» Stored data entries
>>>>
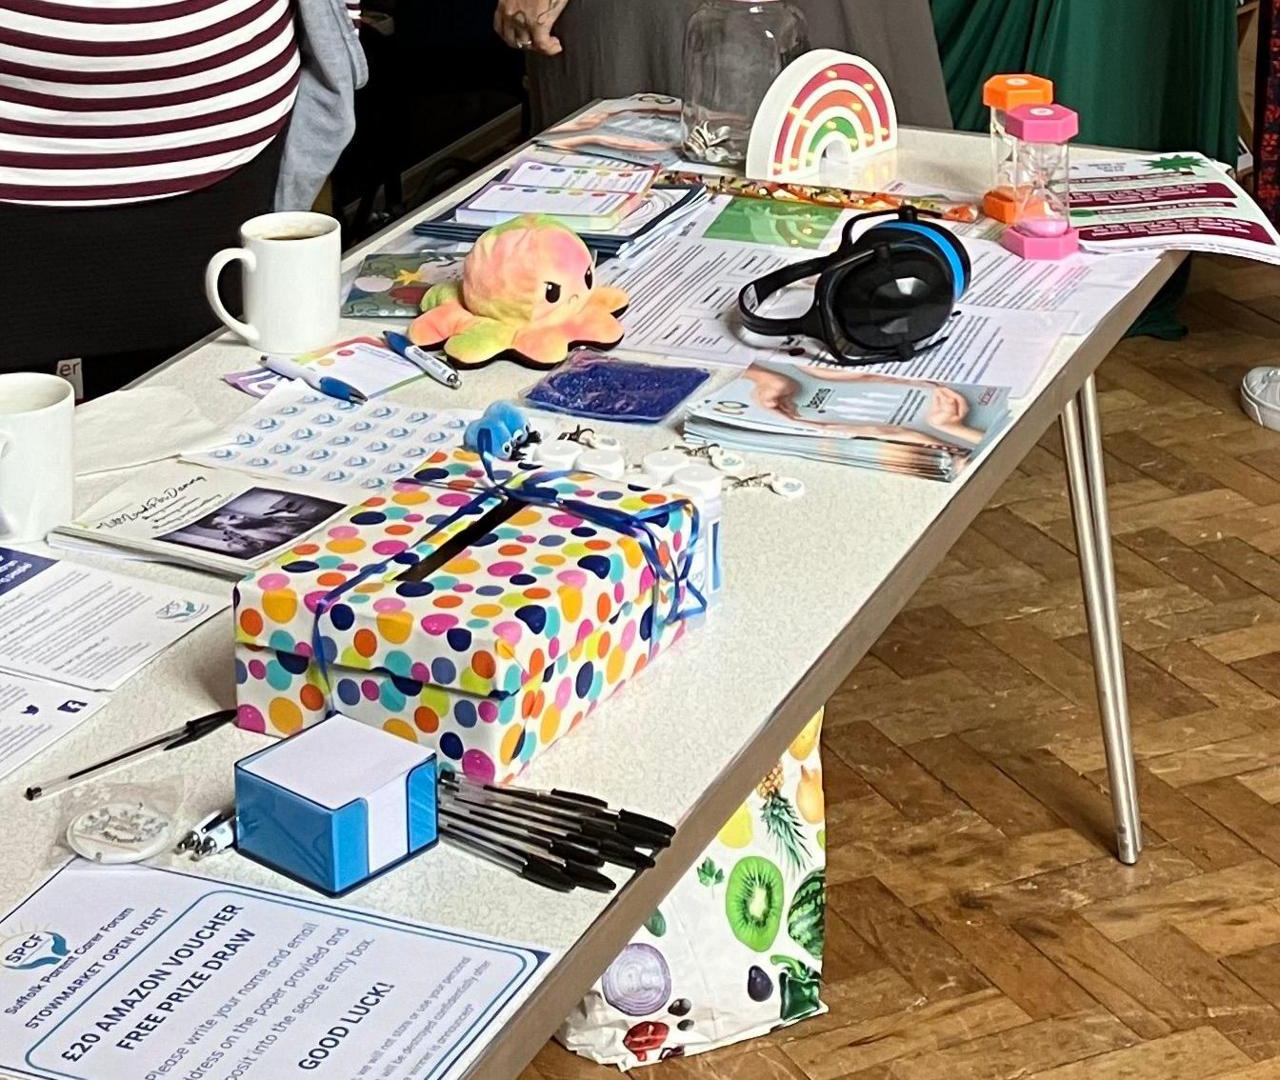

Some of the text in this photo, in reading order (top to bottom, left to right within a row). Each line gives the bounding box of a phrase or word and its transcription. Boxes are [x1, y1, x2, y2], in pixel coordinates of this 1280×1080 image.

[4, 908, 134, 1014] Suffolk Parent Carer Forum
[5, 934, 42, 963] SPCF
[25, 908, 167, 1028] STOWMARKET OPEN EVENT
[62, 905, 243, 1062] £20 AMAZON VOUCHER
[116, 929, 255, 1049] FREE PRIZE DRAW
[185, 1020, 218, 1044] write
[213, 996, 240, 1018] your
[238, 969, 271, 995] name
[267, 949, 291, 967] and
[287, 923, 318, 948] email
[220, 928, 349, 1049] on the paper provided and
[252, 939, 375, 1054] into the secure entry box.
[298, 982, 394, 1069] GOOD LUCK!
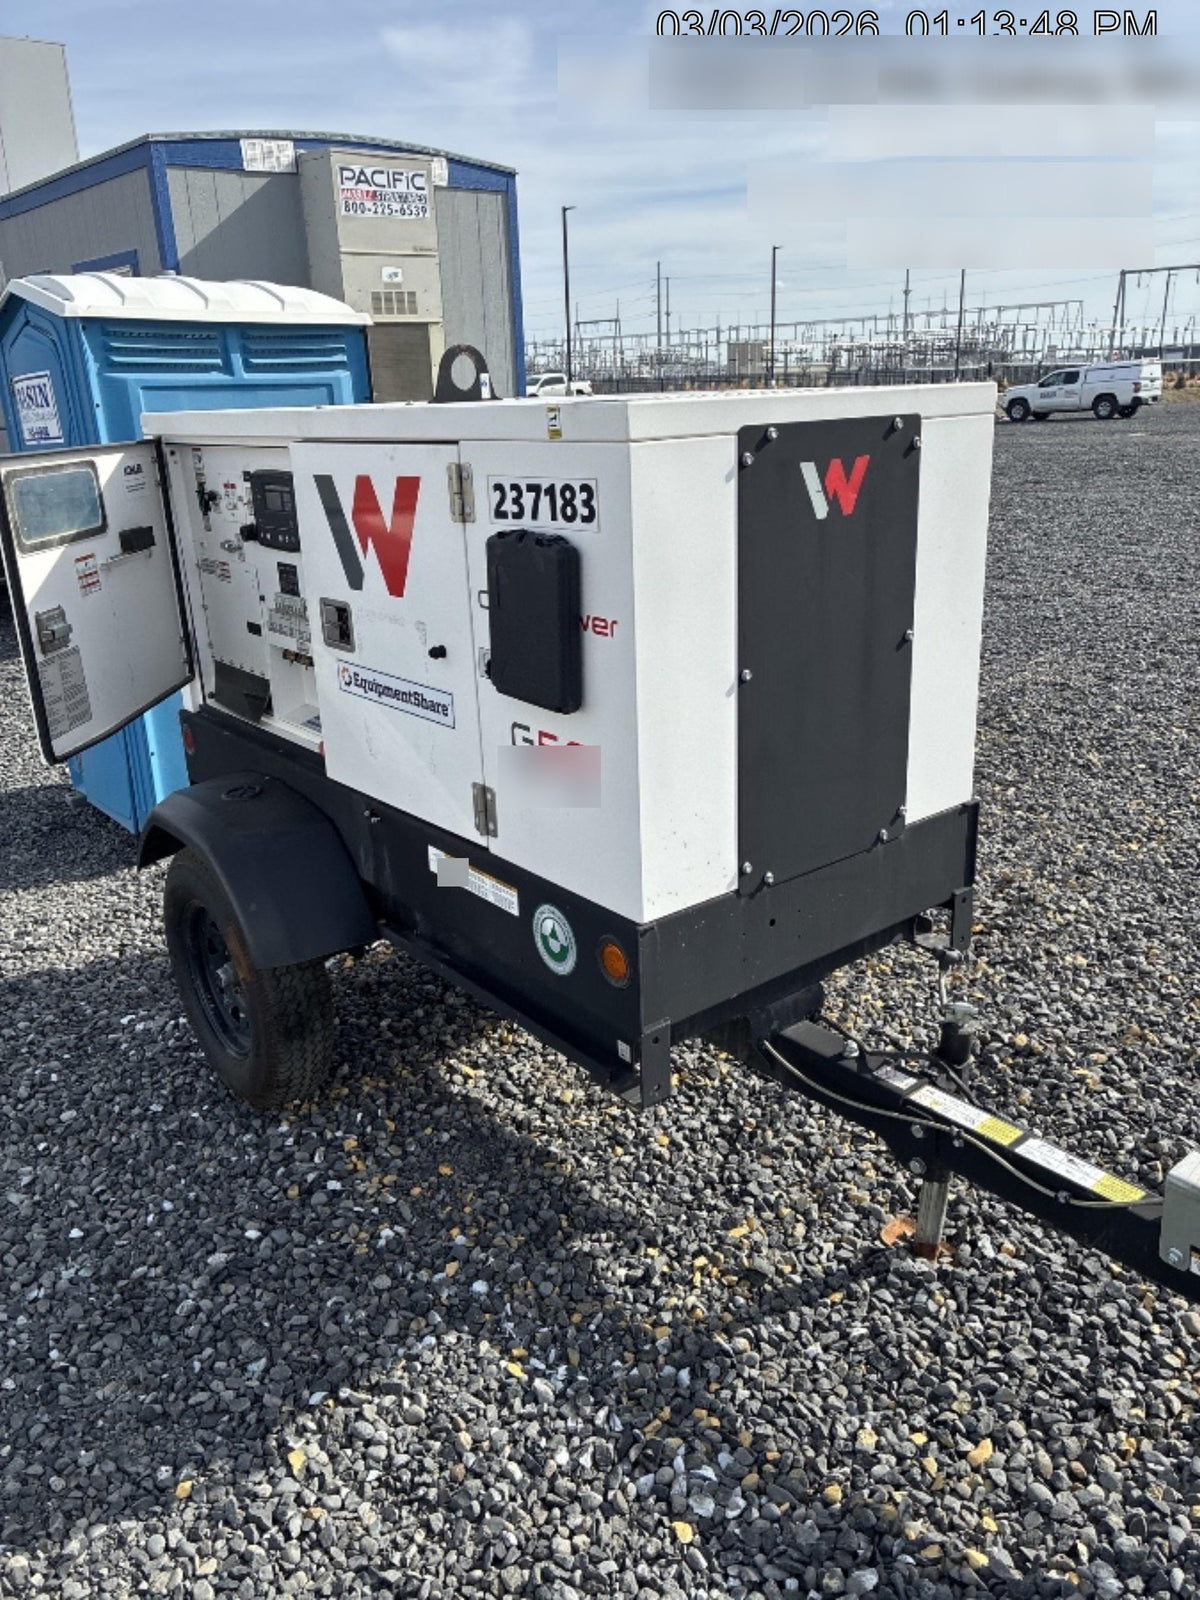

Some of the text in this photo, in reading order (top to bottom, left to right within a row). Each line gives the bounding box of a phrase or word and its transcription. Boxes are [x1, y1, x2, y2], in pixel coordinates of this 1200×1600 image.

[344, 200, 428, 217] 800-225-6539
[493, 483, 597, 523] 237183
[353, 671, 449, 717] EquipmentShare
<<<<
» EXERCISE DESCRIPTION
Each entry is to be returned as it stands, and each picture is to be left out.

» WRITTEN SOLUTION
Some of the text in this photo, in reading order (top to bottom, left to right within a row). Each line gives the bounding box of a phrase or word and its transcription. Boxes are [x1, y1, x2, y2], in pixel coordinates of this 1280×1080 image.

[4, 908, 134, 1014] Suffolk Parent Carer Forum
[5, 934, 42, 963] SPCF
[25, 908, 167, 1028] STOWMARKET OPEN EVENT
[62, 905, 243, 1062] £20 AMAZON VOUCHER
[116, 929, 255, 1049] FREE PRIZE DRAW
[185, 1020, 218, 1044] write
[213, 996, 240, 1018] your
[238, 969, 271, 995] name
[267, 949, 291, 967] and
[287, 923, 318, 948] email
[220, 928, 349, 1049] on the paper provided and
[252, 939, 375, 1054] into the secure entry box.
[298, 982, 394, 1069] GOOD LUCK!

Some of the text in this photo, in reading order (top to bottom, left to right within a row). Each line gives the bounding box of a phrase or word and its transcription. Boxes are [x1, y1, x2, y2], in pixel coordinates of this 1200×1600 image.

[344, 200, 428, 217] 800-225-6539
[493, 483, 597, 523] 237183
[353, 671, 449, 717] EquipmentShare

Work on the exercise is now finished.